SUPPLIED MATERIAL
* * * *
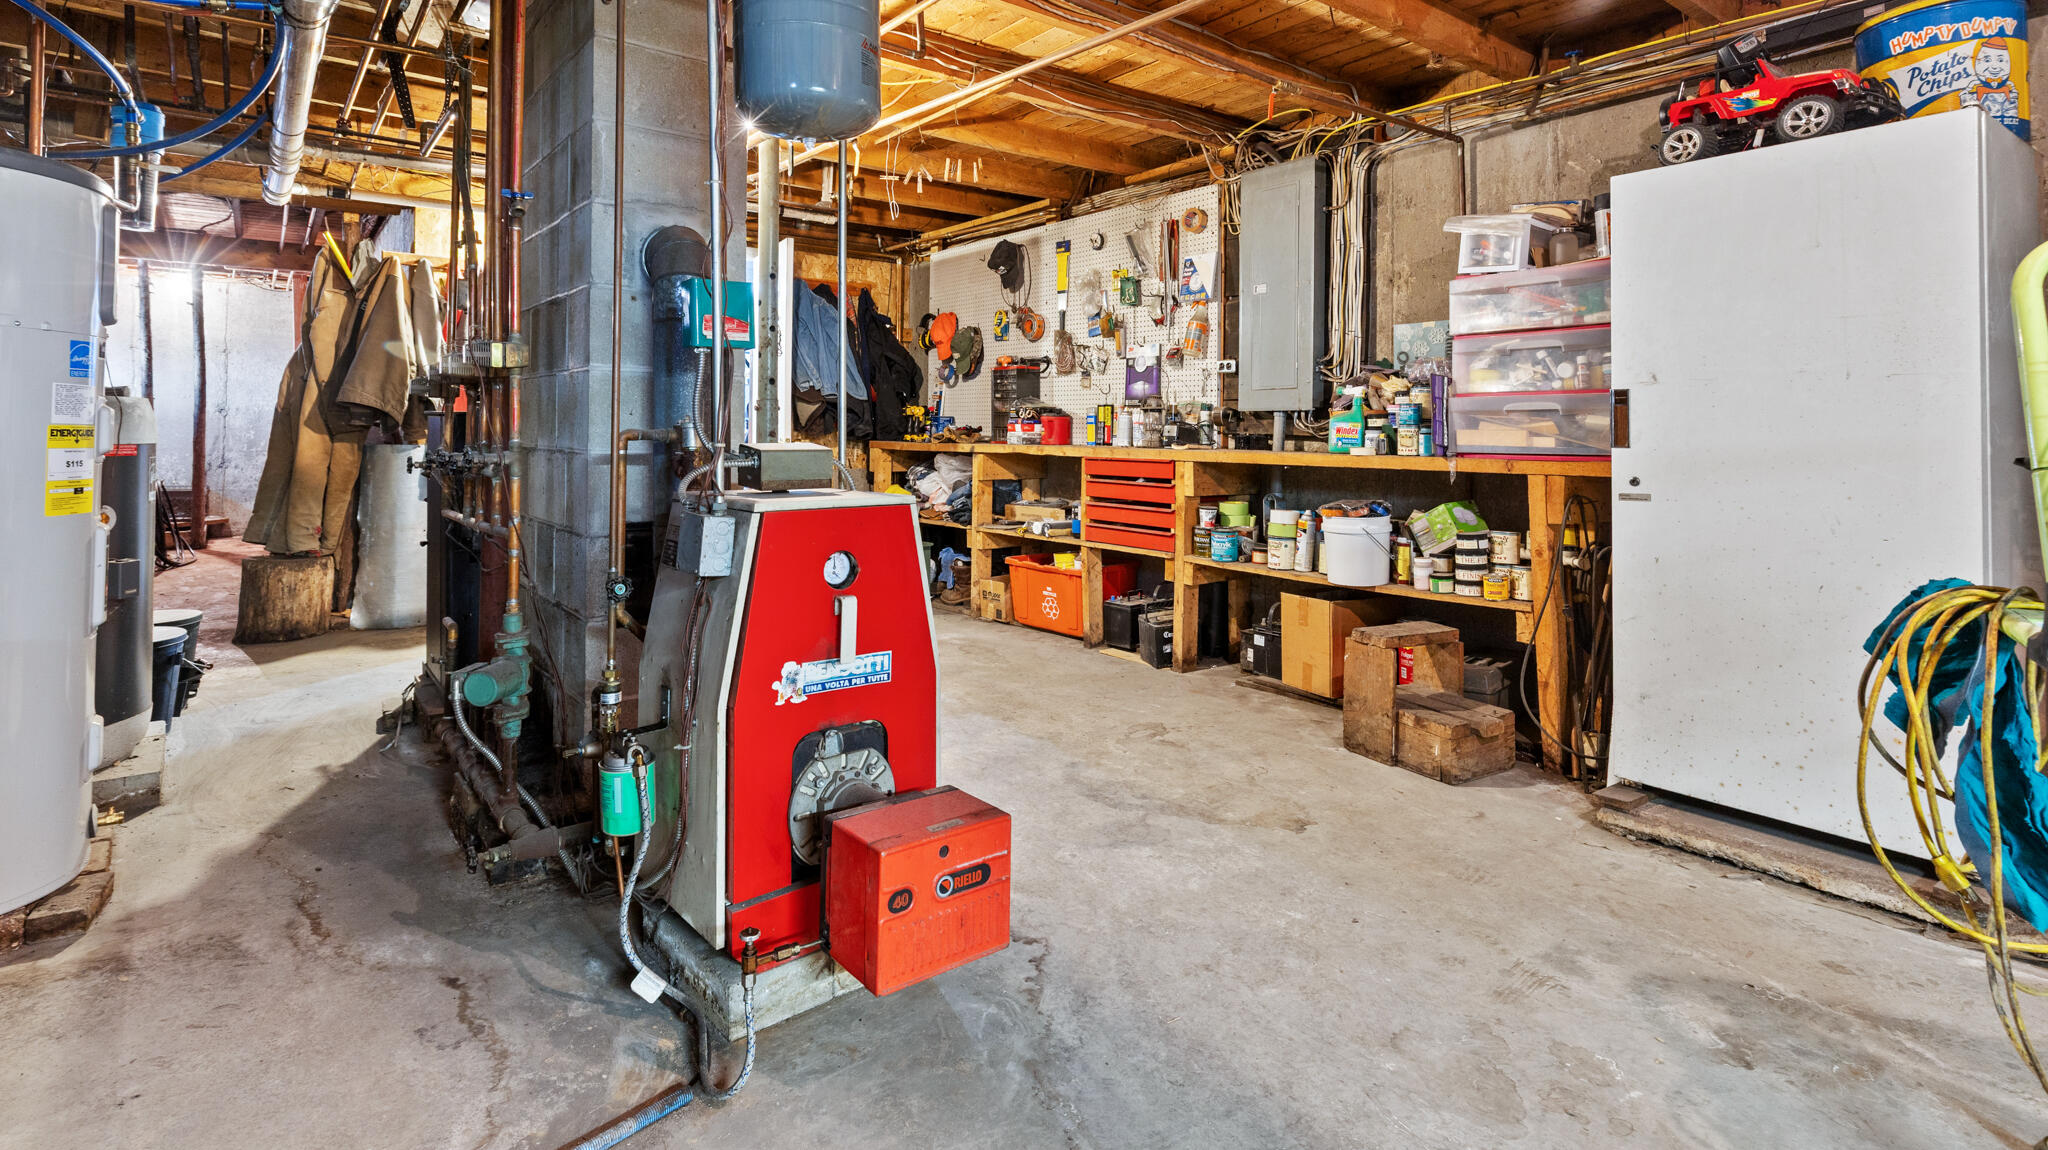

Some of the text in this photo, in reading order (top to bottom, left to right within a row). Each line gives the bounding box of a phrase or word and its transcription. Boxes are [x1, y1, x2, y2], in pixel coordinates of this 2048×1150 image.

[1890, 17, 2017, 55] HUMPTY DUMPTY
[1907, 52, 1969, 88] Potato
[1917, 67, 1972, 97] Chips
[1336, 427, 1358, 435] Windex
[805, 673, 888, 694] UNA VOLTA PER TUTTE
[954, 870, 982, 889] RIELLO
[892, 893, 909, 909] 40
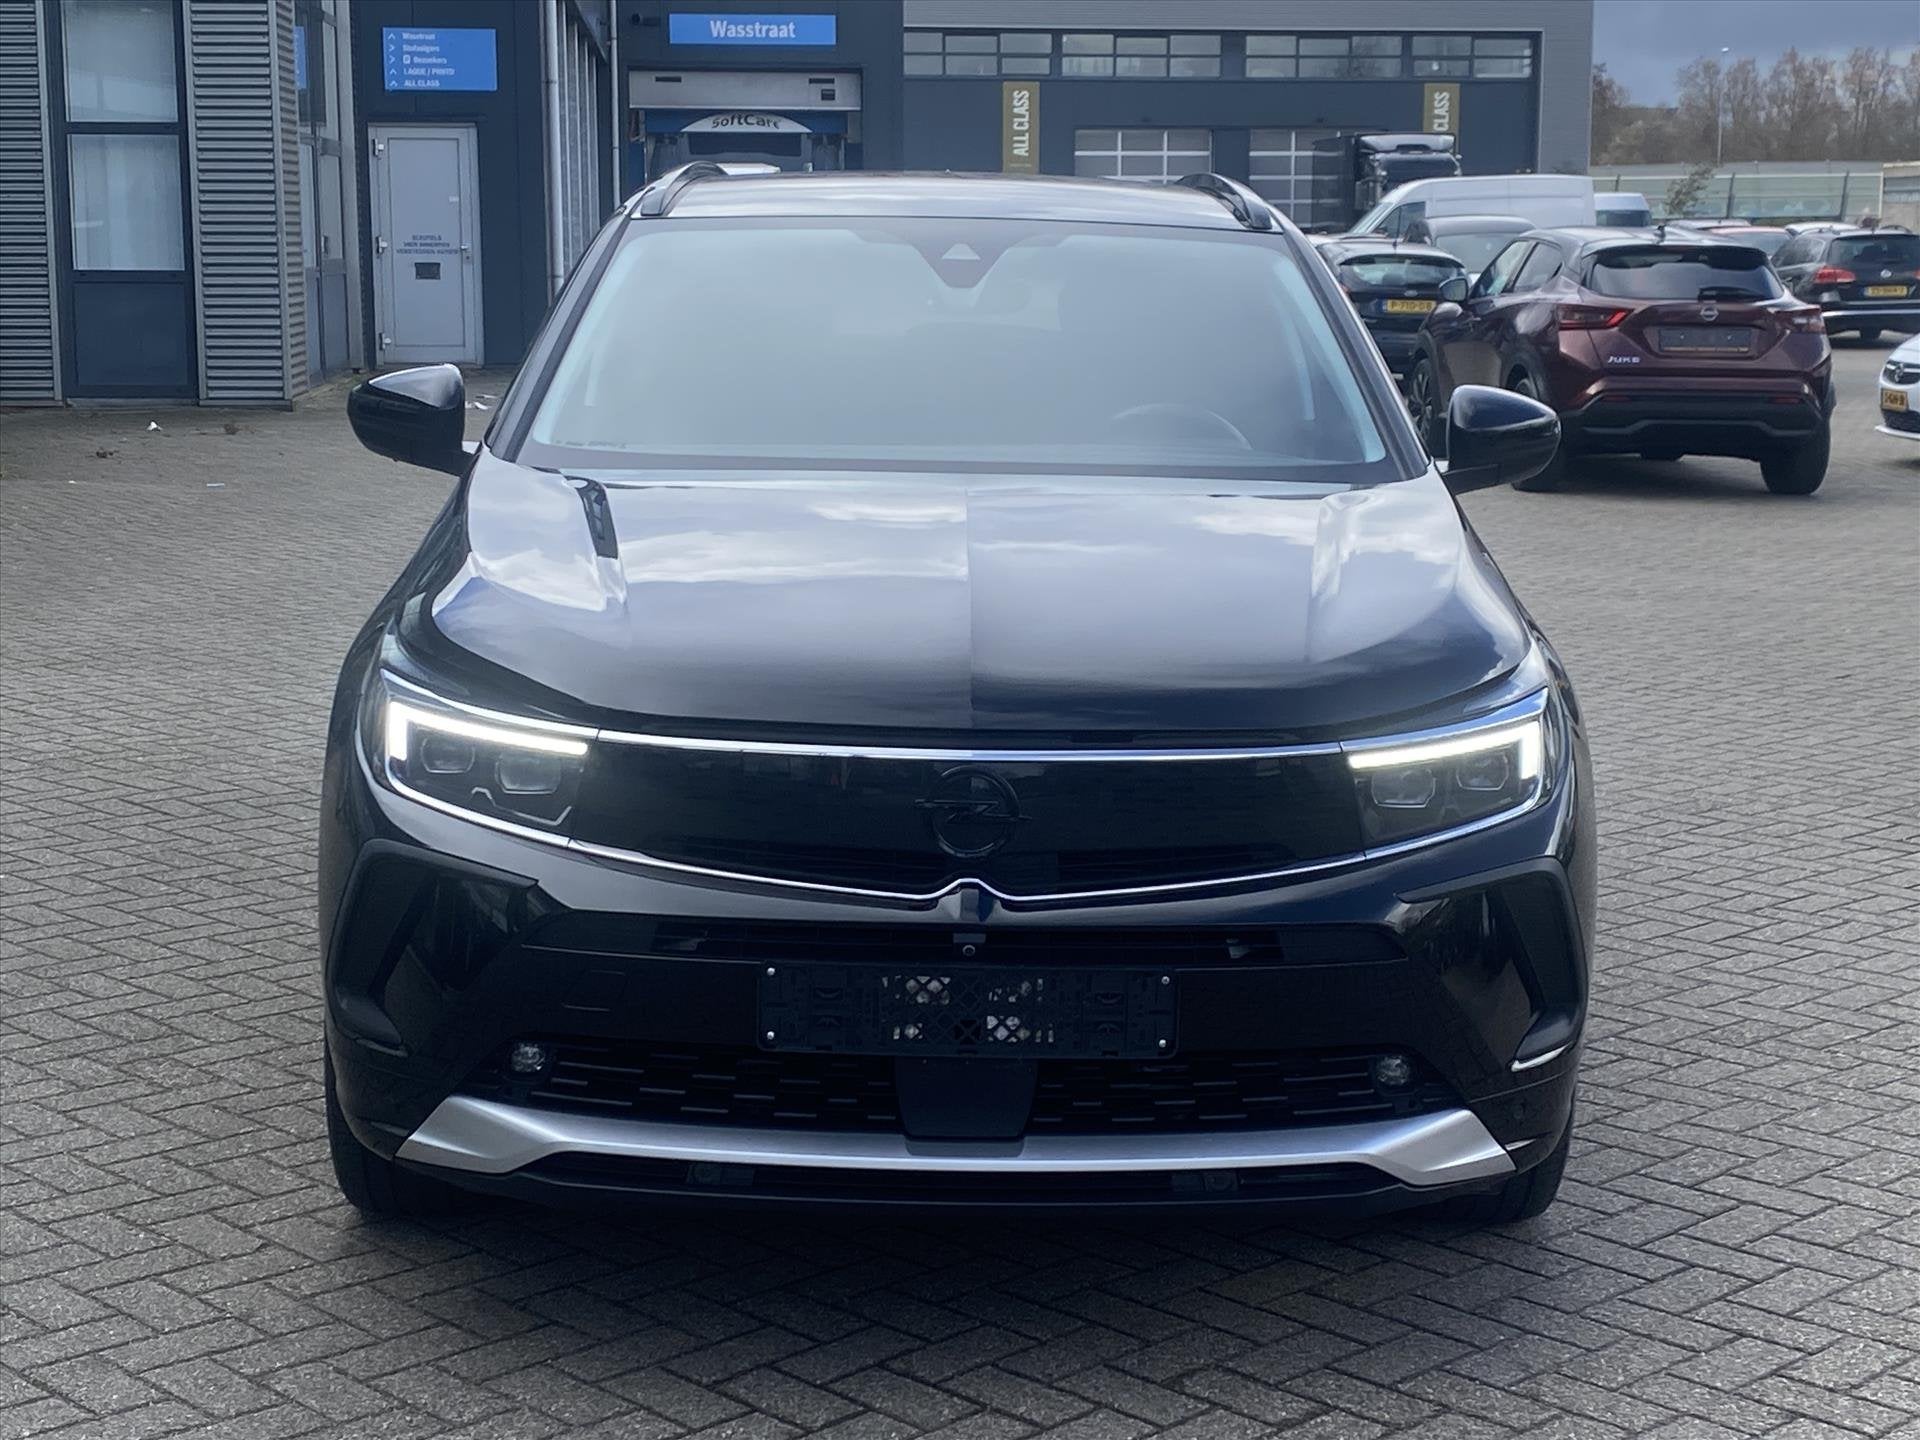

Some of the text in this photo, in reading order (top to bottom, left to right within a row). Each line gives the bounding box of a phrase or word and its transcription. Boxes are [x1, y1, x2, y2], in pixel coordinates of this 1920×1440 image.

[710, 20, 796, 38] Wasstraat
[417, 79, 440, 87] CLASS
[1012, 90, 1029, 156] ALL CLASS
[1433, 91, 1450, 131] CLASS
* * * *
YOUR GOAL
Would you reproduce the listing above in full and exactly, without its pictures?

RESULT OF THE TASK
Some of the text in this photo, in reading order (top to bottom, left to right within a row). Each line gives the bounding box of a phrase or word and its transcription. Boxes are [x1, y1, x2, y2], in pixel coordinates of this 2048×1150 image.

[1890, 17, 2017, 55] HUMPTY DUMPTY
[1907, 52, 1969, 88] Potato
[1917, 67, 1972, 97] Chips
[1336, 427, 1358, 435] Windex
[805, 673, 888, 694] UNA VOLTA PER TUTTE
[954, 870, 982, 889] RIELLO
[892, 893, 909, 909] 40

Some of the text in this photo, in reading order (top to bottom, left to right within a row). Each line gives the bounding box of a phrase or word and its transcription. Boxes are [x1, y1, x2, y2], in pixel coordinates of this 1920×1440 image.

[710, 20, 796, 38] Wasstraat
[417, 79, 440, 87] CLASS
[1012, 90, 1029, 156] ALL CLASS
[1433, 91, 1450, 131] CLASS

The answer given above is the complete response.